A second, Mike Cherwenka, calls himself the “Godfather of Wholesaling” and shares testimony on his website of performing in a male revue dance team. He left the life after embracing Jesus and beginning a real-estate career.
“Cash is king, and when you can just offer people cash and close within a week, you’ve got leverage, right?” said Cherwenka, still a muscular figure in a violet-hued sport coat. “People perk up and listen when you make an offer and you’ve got proof of funds right there.”
As discussion turned to the benefits of having a spouse involved in one’s real-estate business, Cherwenka’s wife, Tolla, used a game-show flourish to show off the couple’s book, “The Art of Becoming a Multimillionaire Real Estate Investor.”
“If you’d like one, it’s $20,” he says. “Hold one up there, babycakes.”
Wholesaling has been around for years, but hit the radar of real-estate data provider PropStream in a bigger way four years ago, said Rob Zahr, chief executive of parent company EquiMine in Orange County, California. PropStream’s database can help find homes that are abandoned, at risk of foreclosure or loaded with liens.
A single enthusiastically titled Facebook group – Wholesaling Houses with PropStream! – counts more than 41,000 members.
The “low-hanging fruit” of houses that just need a little upgrading are all gone, said Brian Dally, whose Atlanta-based finance company, Groundfloor, expects to fund up to $350 million in real-estate investments this year. What remain aren’t on listing services and need major overhauls.
“You need more scouts out there,” he said. About 40 percent of the company’s deals involve wholesalers.
Complaints, though, started mounting at legal aid societies for the poor as people flooded into the industry. Because wholesalers often don’t hold real-estate licenses, regulators have had little power.
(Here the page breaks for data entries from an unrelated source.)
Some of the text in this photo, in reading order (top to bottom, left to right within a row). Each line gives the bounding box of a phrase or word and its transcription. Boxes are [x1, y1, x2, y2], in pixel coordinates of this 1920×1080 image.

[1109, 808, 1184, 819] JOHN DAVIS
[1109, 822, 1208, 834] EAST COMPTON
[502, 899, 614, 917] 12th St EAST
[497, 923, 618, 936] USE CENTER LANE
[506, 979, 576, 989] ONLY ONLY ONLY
Wholesalers argue they don’t need a license, because they’re buying directly from homeowners, and laws generally permit “for-sale-by-owner” transactions.
In Philadelphia, Froehlich said he heard complaints of wholesalers using a bad news-good news approach on homeowners. The bad news is that a house needs tens of thousands in repairs. The good news is the wholesaler will take it off their hands for $30,000, though it’s really worth $100,000.
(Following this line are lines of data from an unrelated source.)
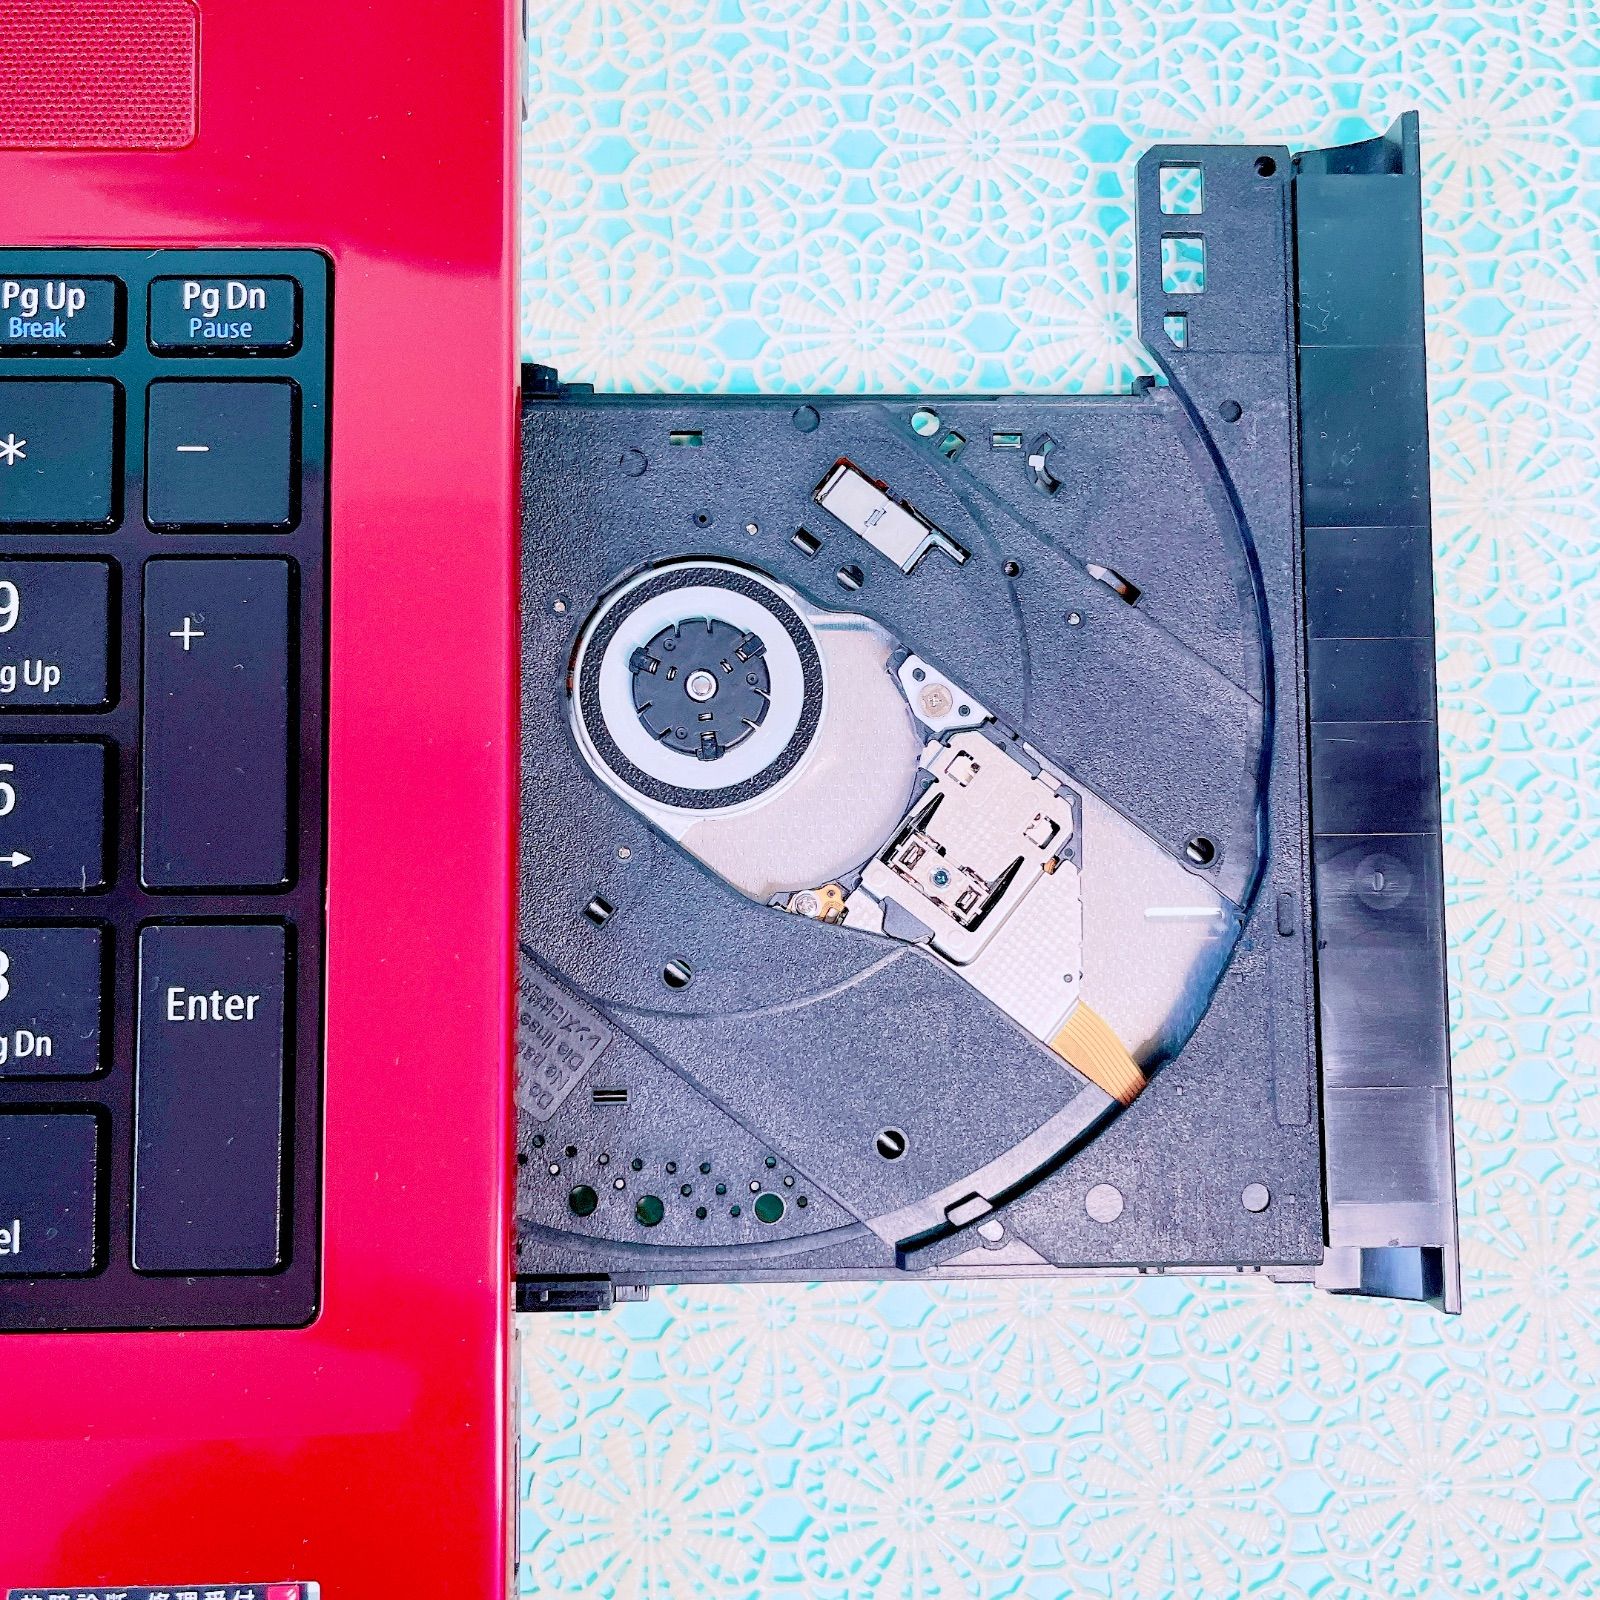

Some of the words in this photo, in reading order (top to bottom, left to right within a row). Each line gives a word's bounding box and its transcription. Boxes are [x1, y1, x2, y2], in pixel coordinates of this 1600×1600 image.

[2, 281, 39, 317] Pg
[46, 282, 86, 317] Up
[183, 282, 220, 317] Pg
[227, 282, 266, 310] Dn
[9, 316, 67, 338] Break
[190, 317, 253, 339] Pause
[24, 659, 61, 693] Up
[166, 986, 260, 1021] Enter
[15, 1030, 52, 1057] Dn
[0, 1219, 20, 1254] el
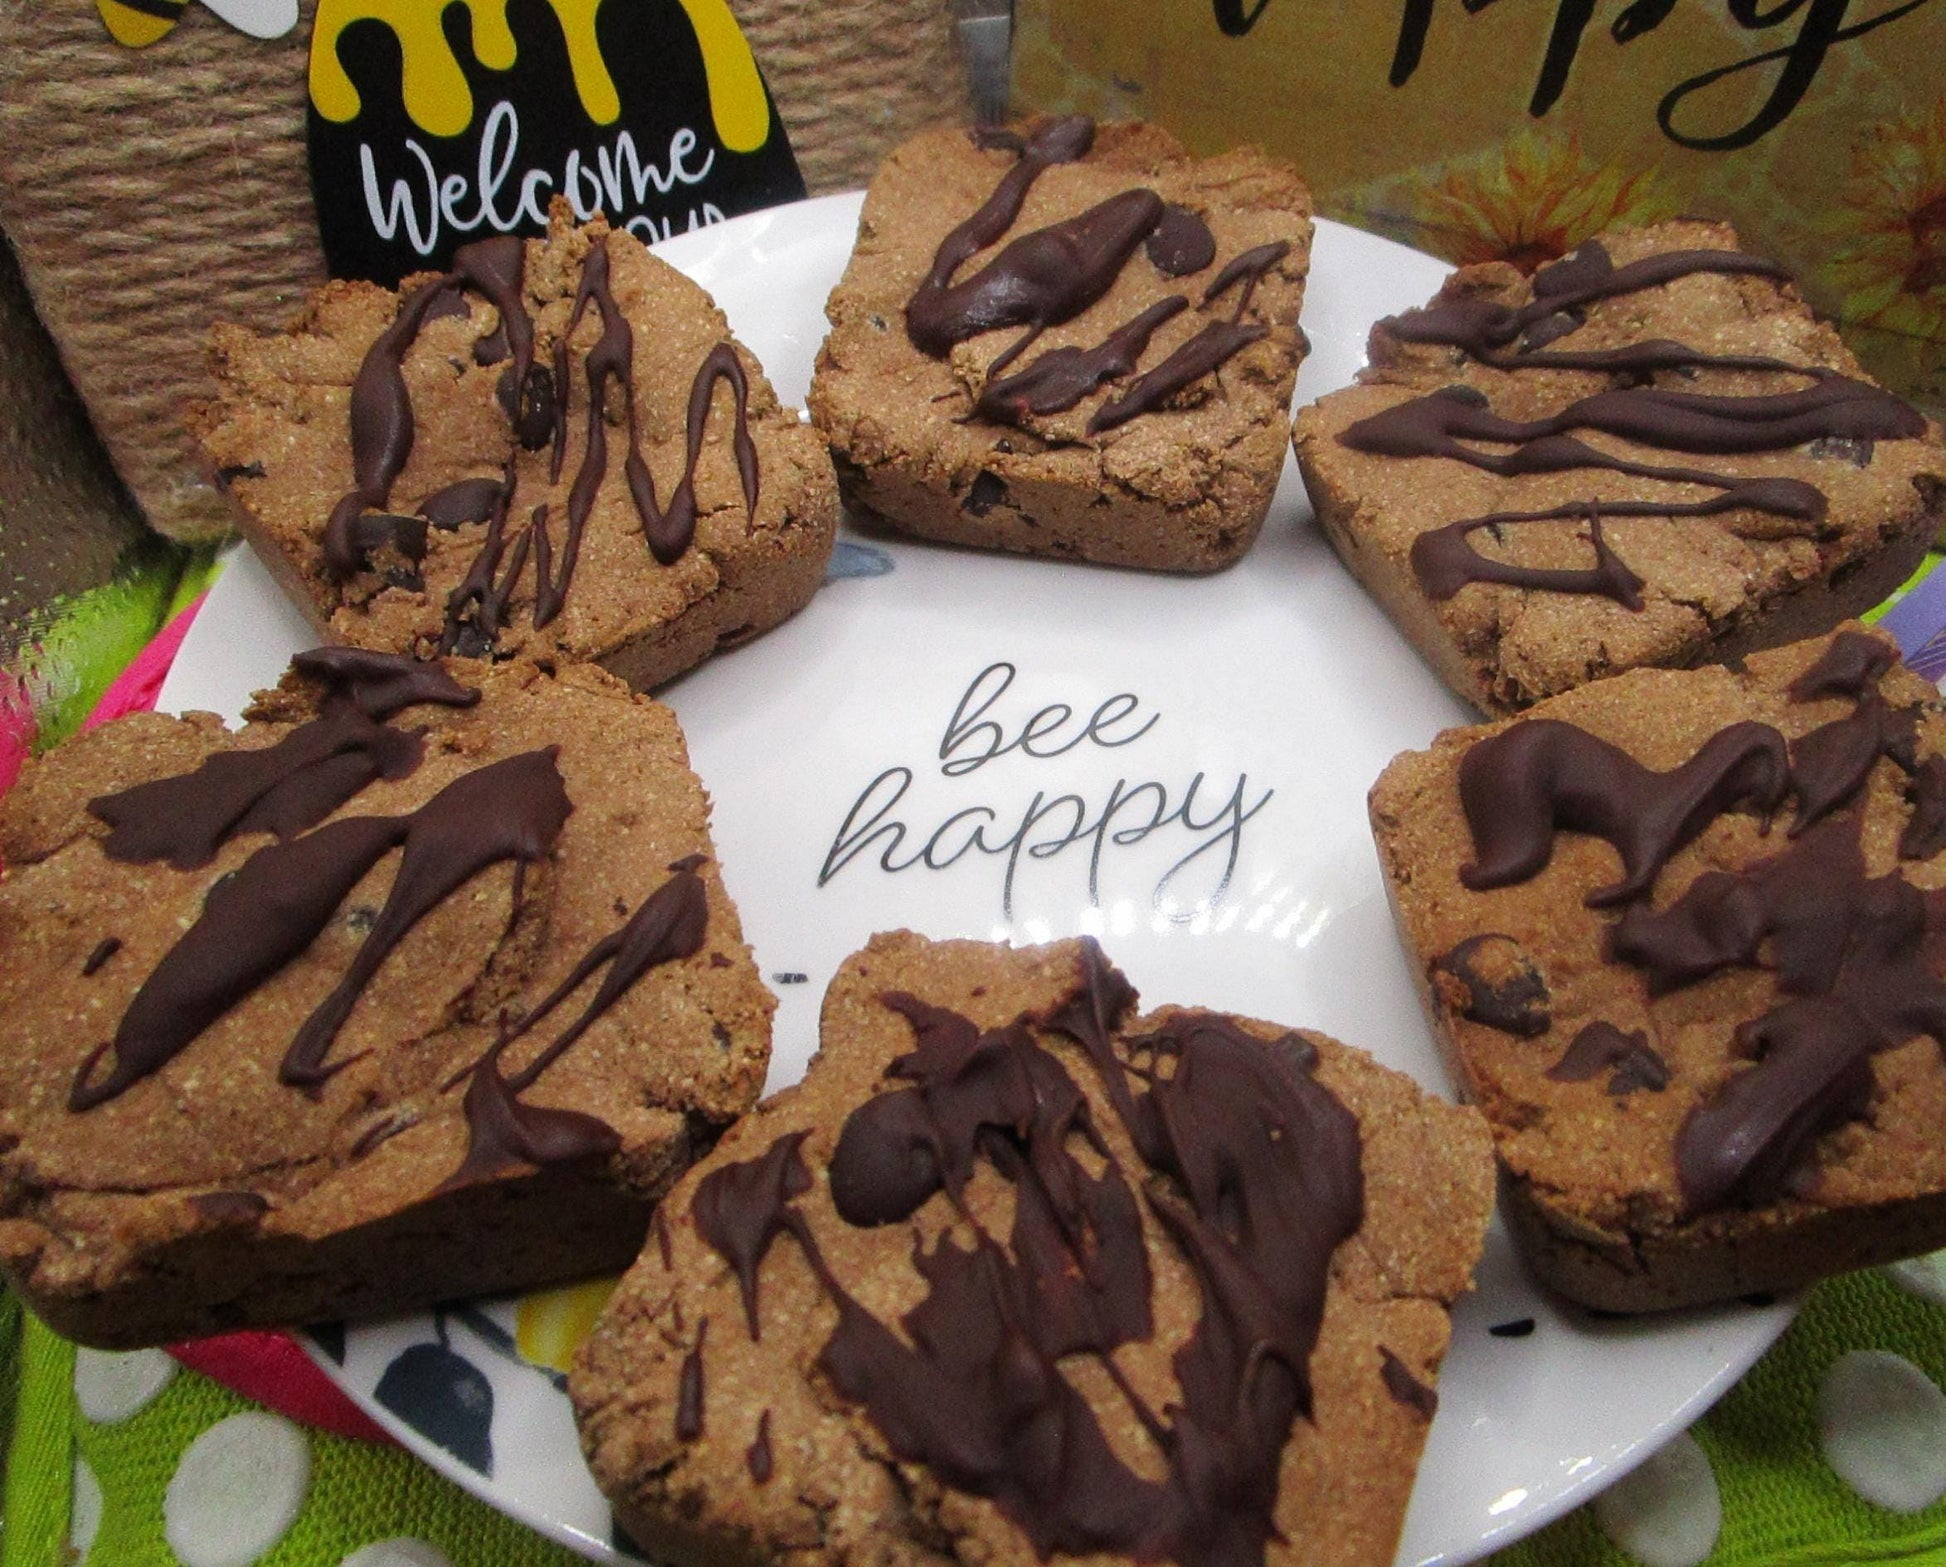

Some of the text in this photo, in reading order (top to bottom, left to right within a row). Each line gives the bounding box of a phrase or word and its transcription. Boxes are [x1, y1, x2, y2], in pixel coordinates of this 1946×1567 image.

[360, 101, 715, 255] Welcome
[939, 662, 1161, 776] bee
[816, 766, 1274, 923] happy
Philadelphia last fall created a license for wholesalers and requires them to tell owners how they can obtain fair-market value.
The Oklahoma Real Estate Commission heard about deals that collapsed, clouding the owner’s title, said Executive Director Grant Cody. In other cases, homeowners felt duped upon learning the wholesaler quickly sold the contract.
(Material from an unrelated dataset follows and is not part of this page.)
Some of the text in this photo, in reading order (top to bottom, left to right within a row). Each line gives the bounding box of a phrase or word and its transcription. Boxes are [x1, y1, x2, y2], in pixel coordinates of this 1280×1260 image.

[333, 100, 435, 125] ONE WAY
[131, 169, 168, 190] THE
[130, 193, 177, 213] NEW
“It’s kind of like telling your girlfriend, ‘Hey, I want to marry you,’ and then she learns that you just got paid to hand her off to some other guy,” Cody said.
Oklahoma this spring required wholesalers to get a license and allowed the commission to set rules, Cody said. Arkansas and Illinois passed laws in 2017 and 2019, respectively, increasing their power to regulate wholesaling. A bill in Kansas died, but may be reintroduced.
Wholesalers acknowledge they have some bad actors, but say most are genuinely interested in revitalizing housing.
In Atlanta, Duane Alexander, a 37-year-old who jumped into wholesaling during last year’s COVID-19 quarantines, wakes each morning to cold call homeowners. By 10 a.m., he switches to his day job as a software engineer.
So far, Alexander has done four deals, in one case offering $120,000 for a home owned by a friend’s relative and assigning the contract to another investor for $130,000. Alexander made $10,000 for around 10 hours of work.
He said he sees his role as ensuring homeowners get a fair deal and that something nicer rises in a dilapidated home’s place.
“If I know that gentrification is going to happen regardless, as a person who comes from these kinds of neighborhoods, I would rather it be someone like me making money than some hedge fund,” said Alexander.